There's really a lot of layers to this
brilliant writing. Among other things, this way we killed two birds
stone because we not only made clear that Carly is the victim here, we
also put Sonny -- who is a professional criminal and orders people
killed as part of his "job," and
who cheated on Carly -- on the same moral plane with Jax, a legitimate
businessman, who still bore the marks of being repeatedly assaulted,
including bruises that look like he got hit in the face with a
50-pound sandbag while wearing a steel Lone Ranger mask.
And, because a focus group in 1997 concluded that Steve Burton is really good-looking, we don't go a day without a few Jason scenes. So we had Carly confide in Jason about her victimization. She told Jason that Jax, by "sleeping with" Irina, "failed [her]," and Jason agreed. Bob also wanted to lighten things up a bit by throwing a little humor in, so he had Jason and Carly giggle at the idea that Jax could have been forced into having sex with Irina.
That really amplified the hilarious nature of Jax's violation -- oops, I mean of Jax's violation of his and Carly's relationship, because Jax wasn't violated, of course.

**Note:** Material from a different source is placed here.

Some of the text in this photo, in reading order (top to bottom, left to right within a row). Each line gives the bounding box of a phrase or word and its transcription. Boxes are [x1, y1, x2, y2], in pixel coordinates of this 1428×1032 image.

And then we had Jason -- who kills other human beings for profit and impregnated a married woman and then lied about it for months to his fiancée -- chastise Jax for his moral lapse: "You slept around on her!" We're really pleased that the story has so many layers and that so many of our core characters have been able to get involved with the fallout from Jax's betrayal of Carly.

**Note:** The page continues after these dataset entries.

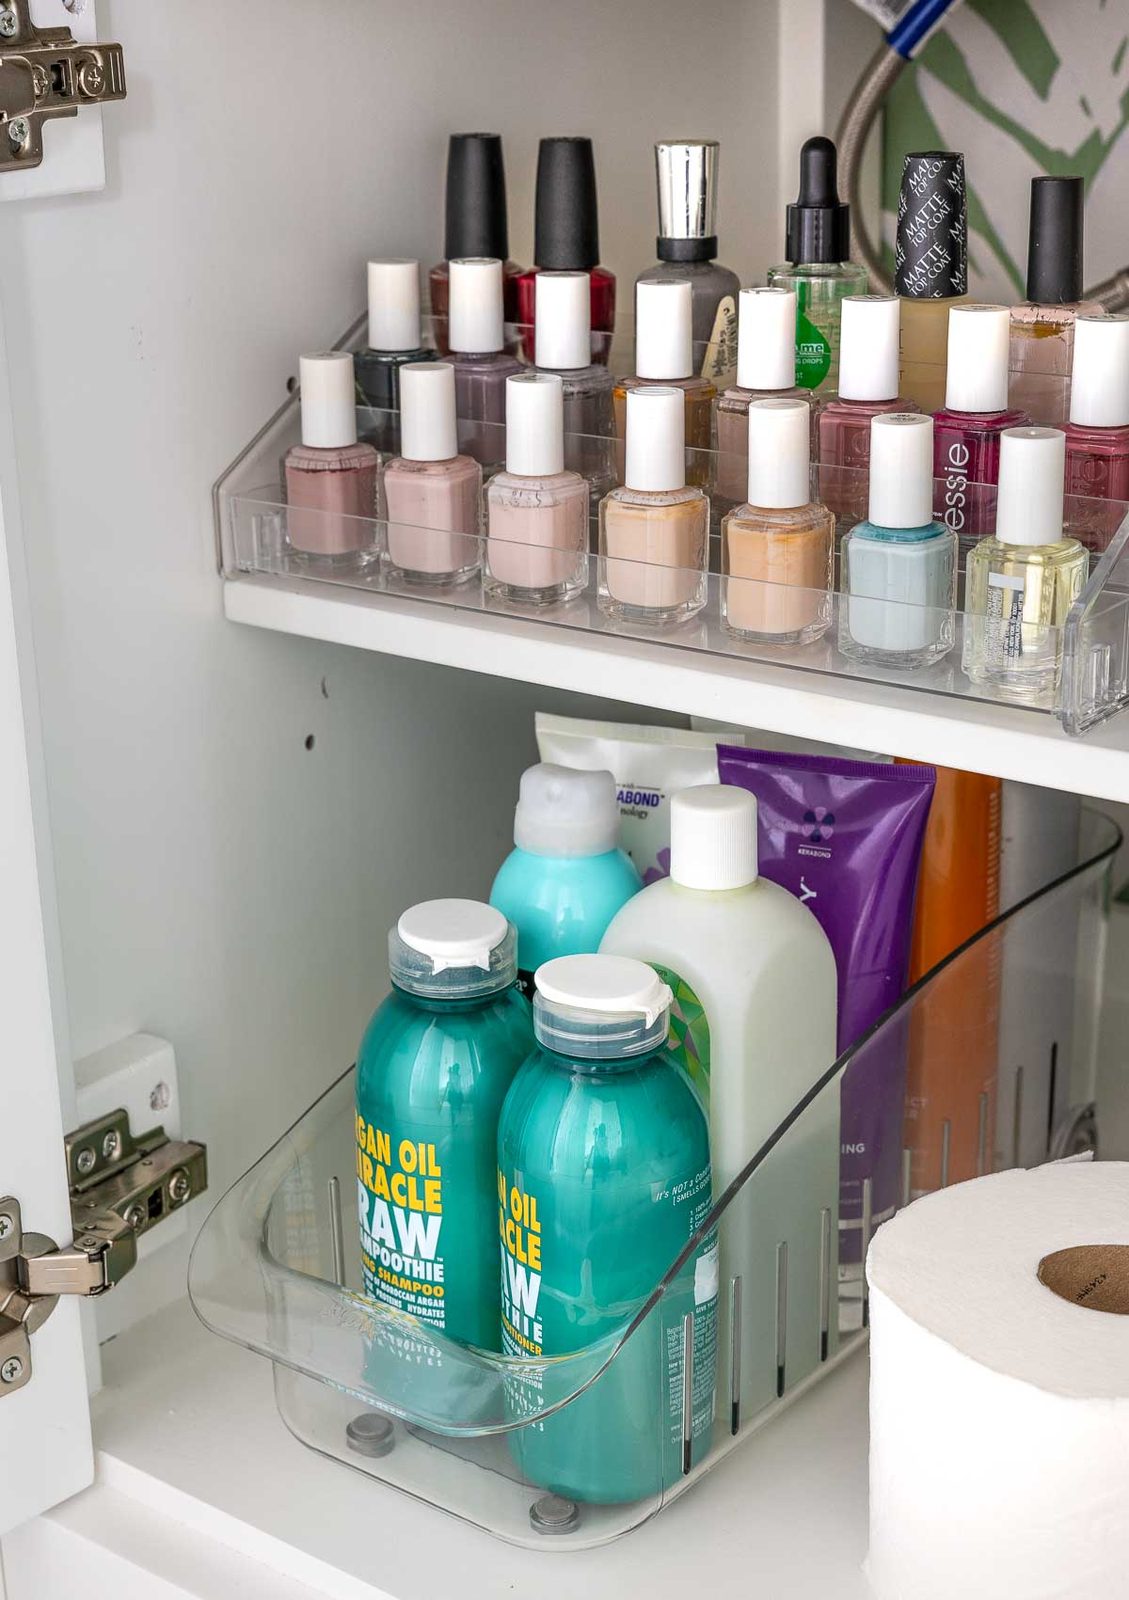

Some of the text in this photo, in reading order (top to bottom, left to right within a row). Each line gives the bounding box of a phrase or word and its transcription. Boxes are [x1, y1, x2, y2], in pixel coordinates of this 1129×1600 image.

[912, 177, 928, 197] TOP
[905, 191, 946, 240] MATTE
[911, 201, 951, 248] TOP COAT
[903, 241, 946, 289] MATTE
[909, 276, 928, 296] TOP
[927, 251, 952, 279] COAT
[944, 443, 970, 531] essie
[616, 790, 660, 807] ABOND
[398, 1139, 442, 1178] OIL
[671, 1180, 688, 1196] NOT
[511, 1187, 541, 1234] OIL
[377, 1266, 444, 1297] SHAMPOO
[407, 1303, 445, 1318] HYDRATES
[417, 1296, 445, 1308] ARGAN

Making Carly seem like even more of a self-obsessed, shrill, entitled harpy than ever was a top priority for us, so I'm thrilled with our success on that front as well. Our well-tested theory about what the mostly female audience of soaps wants includes that women love watching one-dimensionally awful characters become the centerpieces of their favorite shows, especially if those characters are women. Viewers particularly like it when we appear to be having a contest to see which character we can run into the ground faster. Currently, it's a battle among Liz, Sam, and Carly, but I'm confident with this story we'll put Carly ahead for good. Worst is best! That's a motto that has been working out really well for us over the last decade or so.
One of the best things about this whole storyline is that it was
conceived of as a redemption arc for Jerry, Jax's brother. We needed
to redeem him after we brought him back as a blond English sociopath,
had him rescue Jax . . . by shooting the love of his life in the back
then rather gleefully dumping her body into the open ocean after stuffing her
into a body bag. Since Irina was bad and therefore deserved to be killed, there's no moral ambiguity necessary for the Jerry character. It was really moving stuff. I couldn't be prouder of
Bob and his team. Well, if they had incorporated a tarp in some way,
maybe I could be, but I'm happy with the results nonetheless. We're
confident that Jerry is
now a hero in the eyes of the audience, and if we can just find a way
for him to routinely interact with Sonny and Jason, I think he can
replace at least three characters on the canvas -- probably a doctor, a
nurse, and a cop.
We've been focusing on getting the word out about Bob and his crew's fantastic work these past few weeks: marketing this story alongside others that involve actual infidelity in a promo called "Ultimate Betrayal" that we've been running ad nauseum on SoapNet, and sending an email to our whole list explaining how Carly was wronged. We think the juxtaposition of Jax's situation with cases in which married or committed people had sex outside their relationships purely by choice will really make this story hit home.
We were putting the final touches on those scripts and the ad campaign this week, which is what caused those sounds that apparently created some concern. We're all fine, though -- fantastically self-satisfied and some might say deliriously happy, in fact. So we appreciate everyone's interest and hope they'll tune in during sweeps, when we'll try to create a new bottom to scrape, by exploring how domestic violence can be hilarious and sexy, and why people are really way too reactionary about forcing toddlers to walk barefoot on hot coals."